Materials provided Block Start

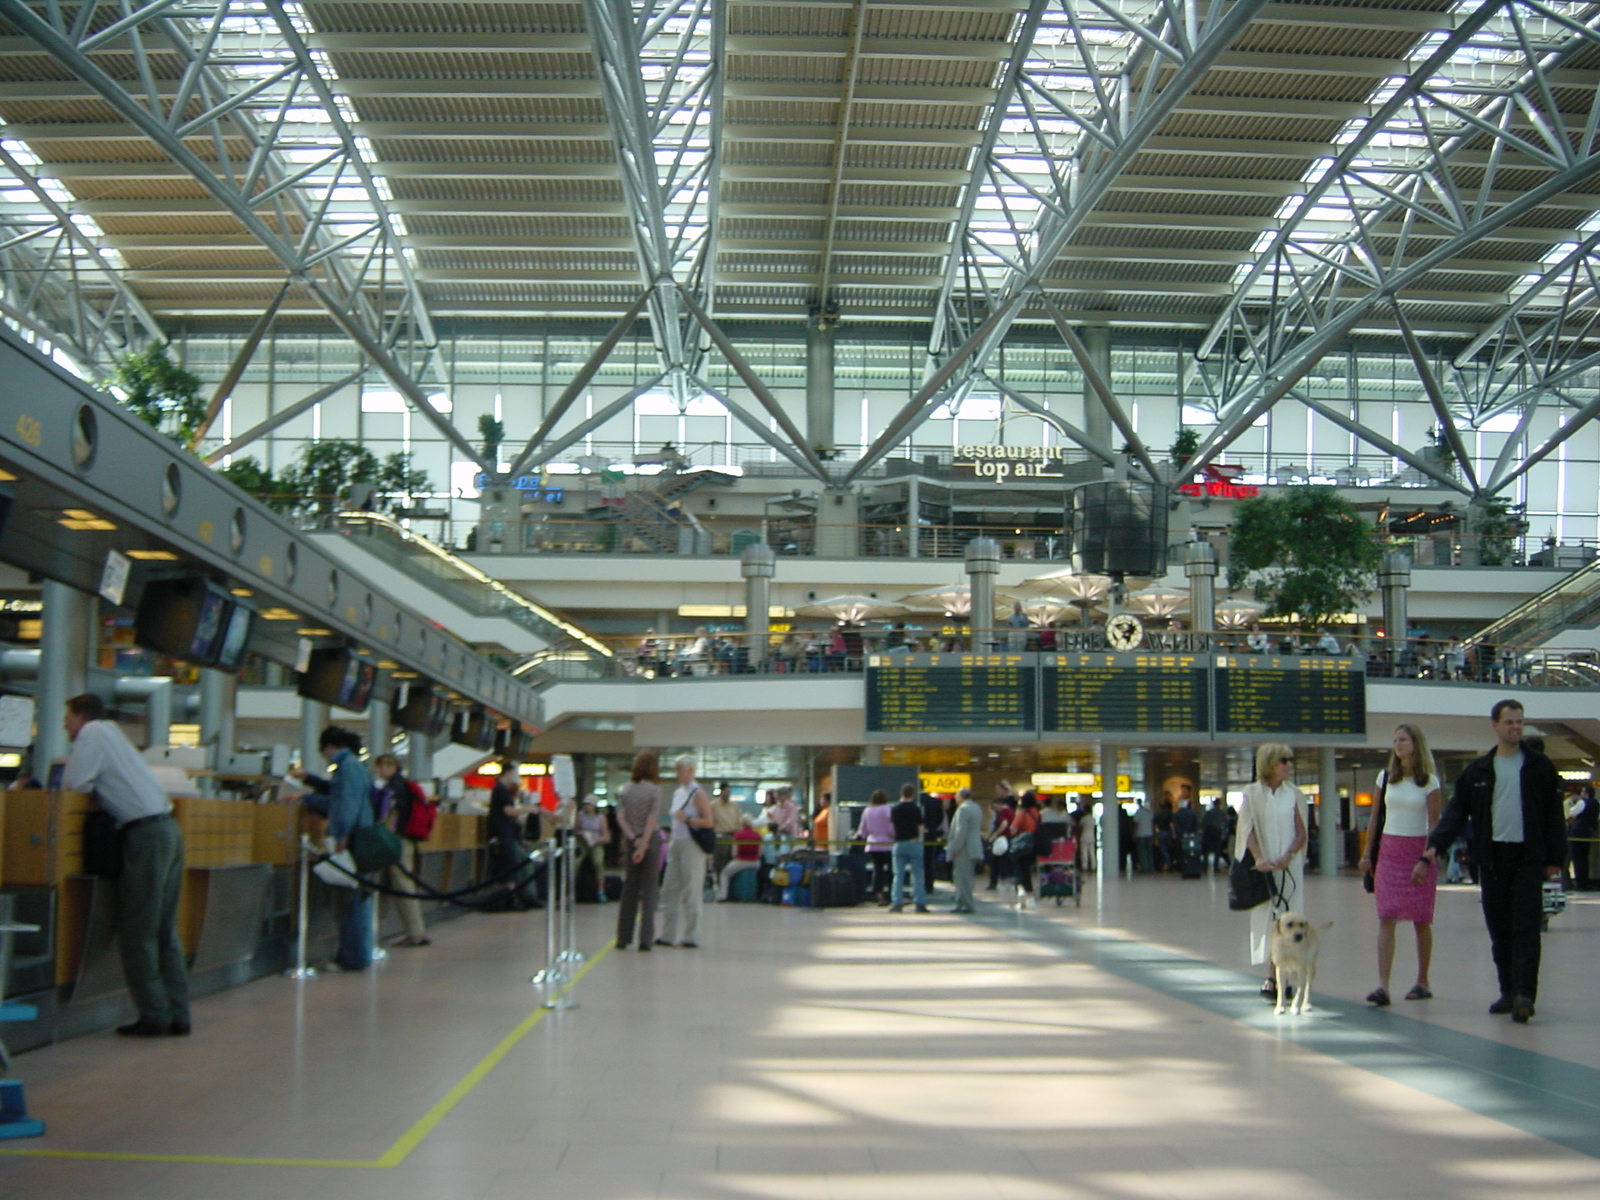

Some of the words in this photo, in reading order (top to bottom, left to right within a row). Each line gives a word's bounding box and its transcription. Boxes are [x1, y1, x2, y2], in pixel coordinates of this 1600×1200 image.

[953, 443, 1062, 459] restaurant
[975, 460, 1010, 484] top
[1014, 459, 1044, 477] air
[1206, 481, 1259, 500] Wings

Materials provided Block End

Copy out every line of the material above exactly, skipping the pictures.

Some of the words in this photo, in reading order (top to bottom, left to right within a row). Each line gives a word's bounding box and its transcription. Boxes are [x1, y1, x2, y2], in pixel coordinates of this 1600×1200 image.

[953, 443, 1062, 459] restaurant
[975, 460, 1010, 484] top
[1014, 459, 1044, 477] air
[1206, 481, 1259, 500] Wings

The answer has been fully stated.